Tips on making a ZIP file

Just a quicky, for most platforms you can get a free pkzip-compatible archiver from InfoZip. Please don't confuse ZIP archives with .tar.gz (sometimes called .tgz) archives, ZIP disks (the Iomega removable storage widget) or ZIP postal codes. They are all quite different.

On Windows

WinZip (a commercial package) seems to be the most common tool.
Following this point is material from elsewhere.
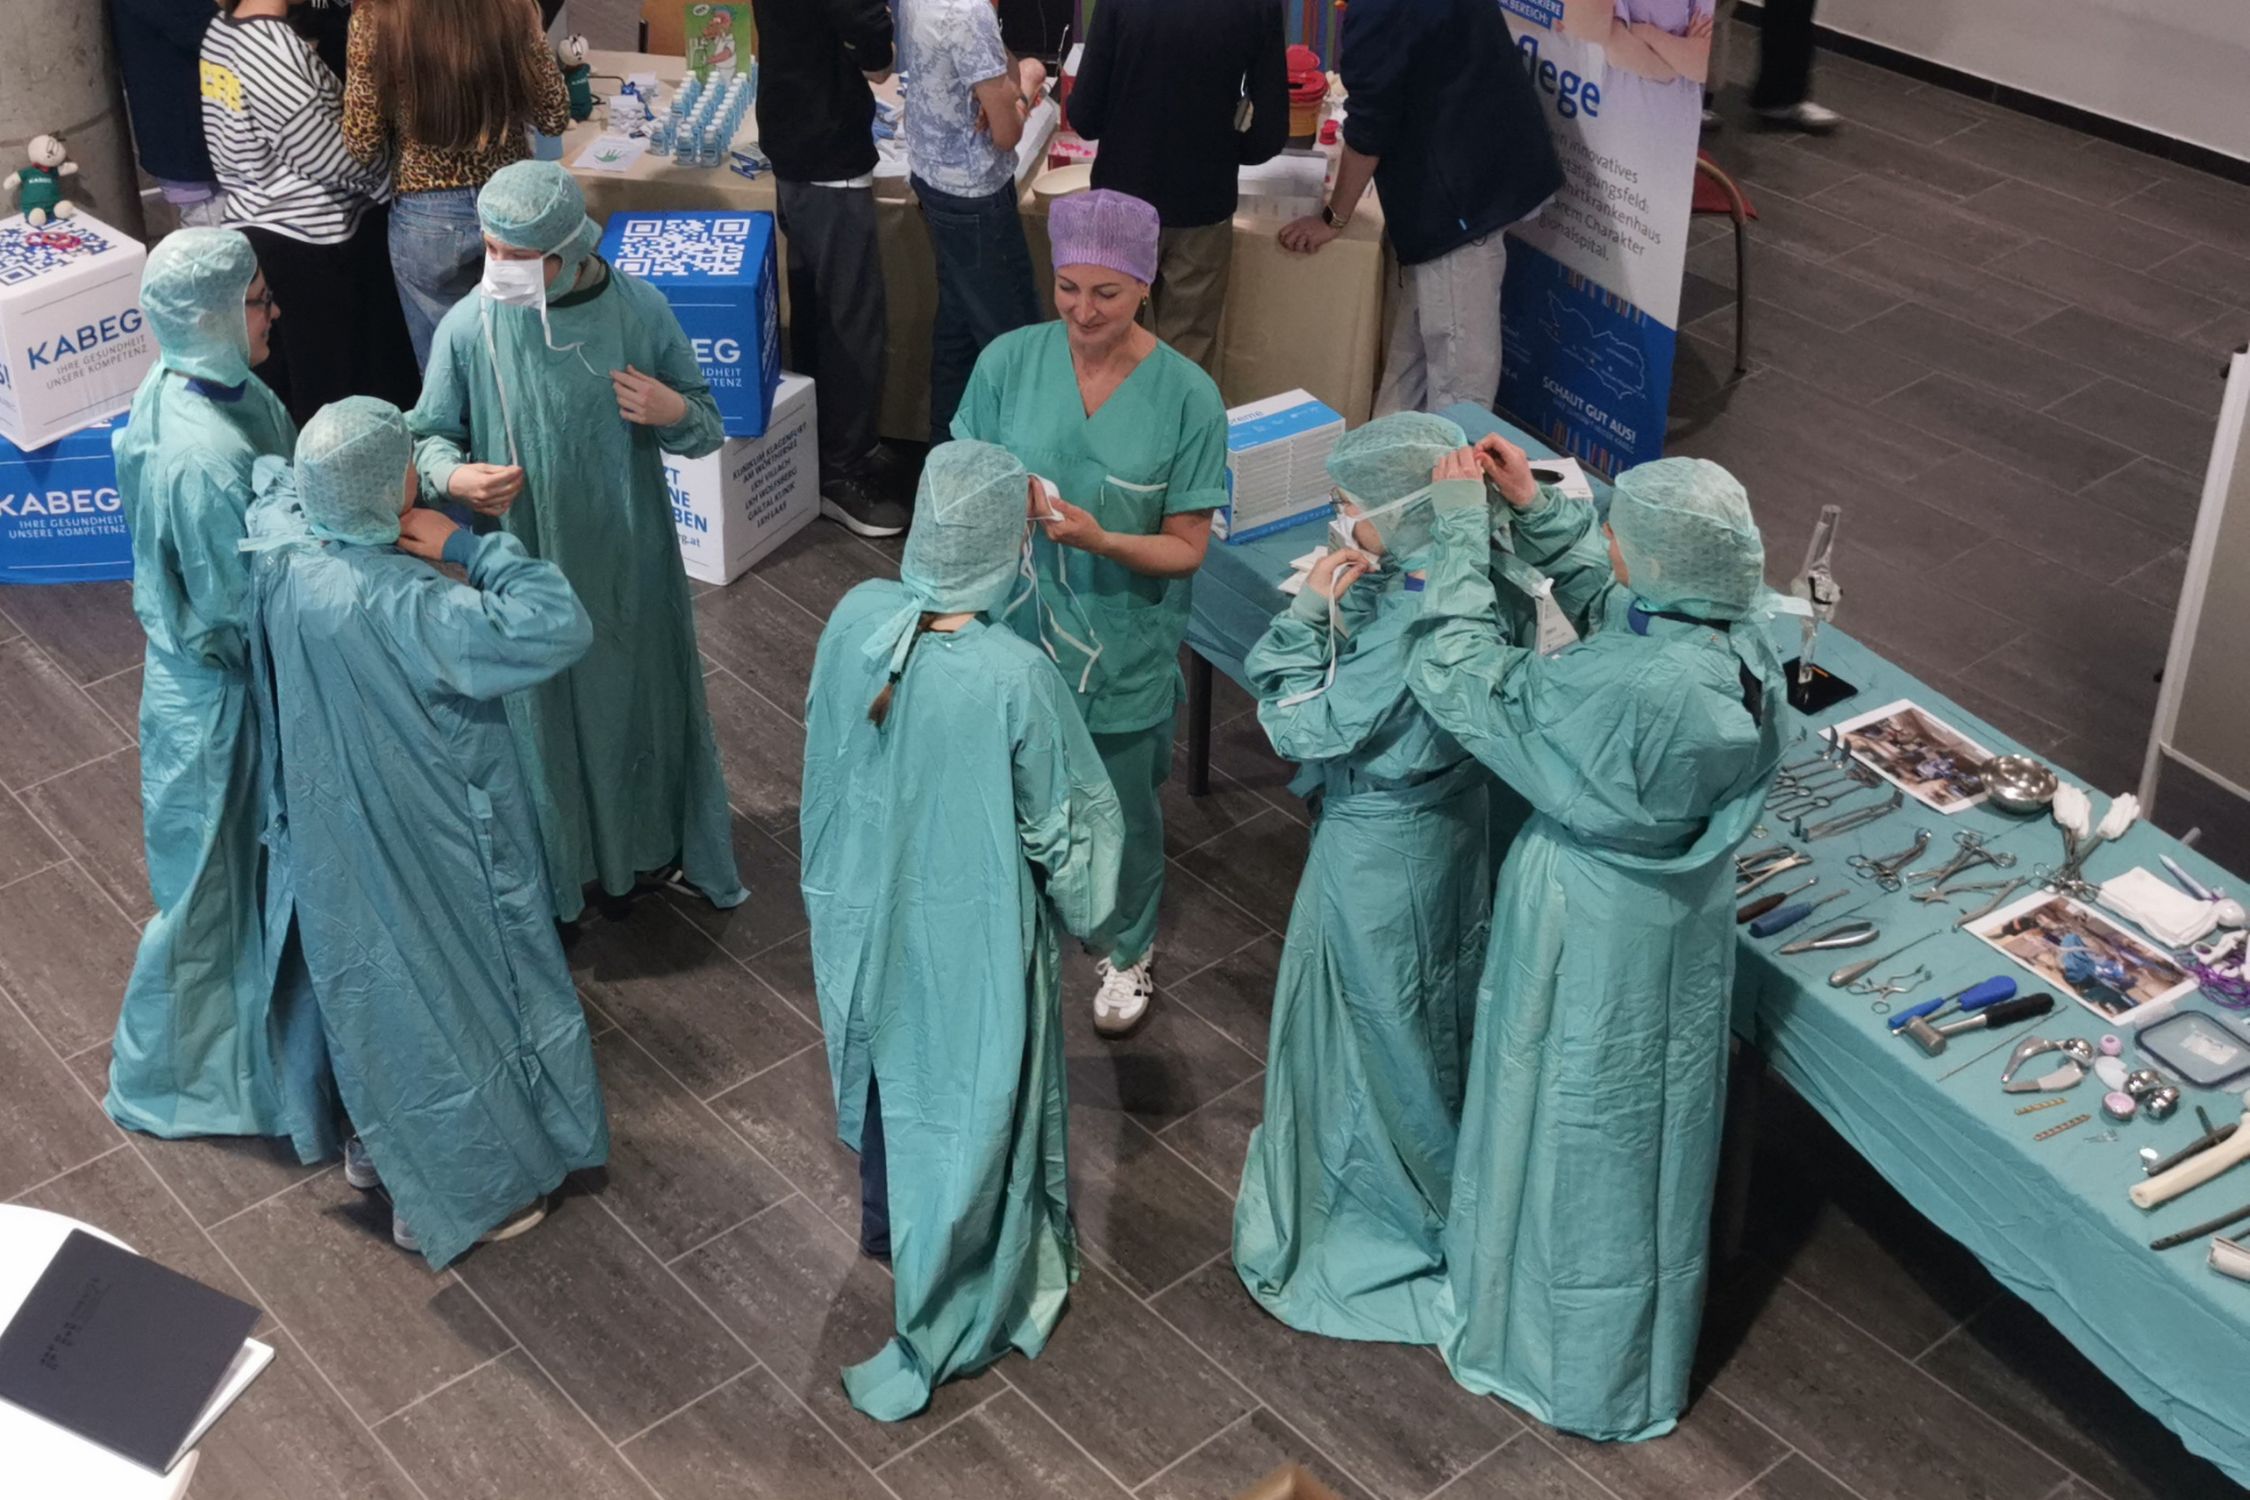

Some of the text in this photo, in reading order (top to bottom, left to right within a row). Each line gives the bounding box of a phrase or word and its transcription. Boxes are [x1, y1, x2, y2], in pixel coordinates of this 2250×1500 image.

WiZ and 7-zip are freeware alternatives.

If you run Cygwin, you have a unix-like layer on top of Windows, so can follow the Unix-esque instructions below. (Although if you use Cygwin, you likely don't need this sort of advice.)

On MacOS

In modern versions of Finder, you can select some files and ctrl-click for a context menu and choose 'Create Archive of n items'. This will create a file called Archive.zip in that folder which you can send in.

On MacOS X, you could open a terminal and follow the Unix-esque instructions instead.

For older MacOS versions, try ZipIt (a shareware package) which seems to be the most common tool. MacZip is a free GUI for the InfoZip tools.

On Unix/Linux/similar

Put everything in a directory ('pics', for example), stand in the terminal one level above the directory and run:


% zip -r pics.zip pics/

If the zip command isn't installed, try talking to your administrator. If that's you - then you ought to know where to get it.

Note a .tar.gz (sometimes .tgz) is not the same as a zip file - although we could support them too if there were enough demand.

BeOS / Zeta

Put everything in a directory, right-click it in the tracker choose Add-ons, then Zip-O-Matic. Alternatively, follow the Unix-esque advice above from the Terminal.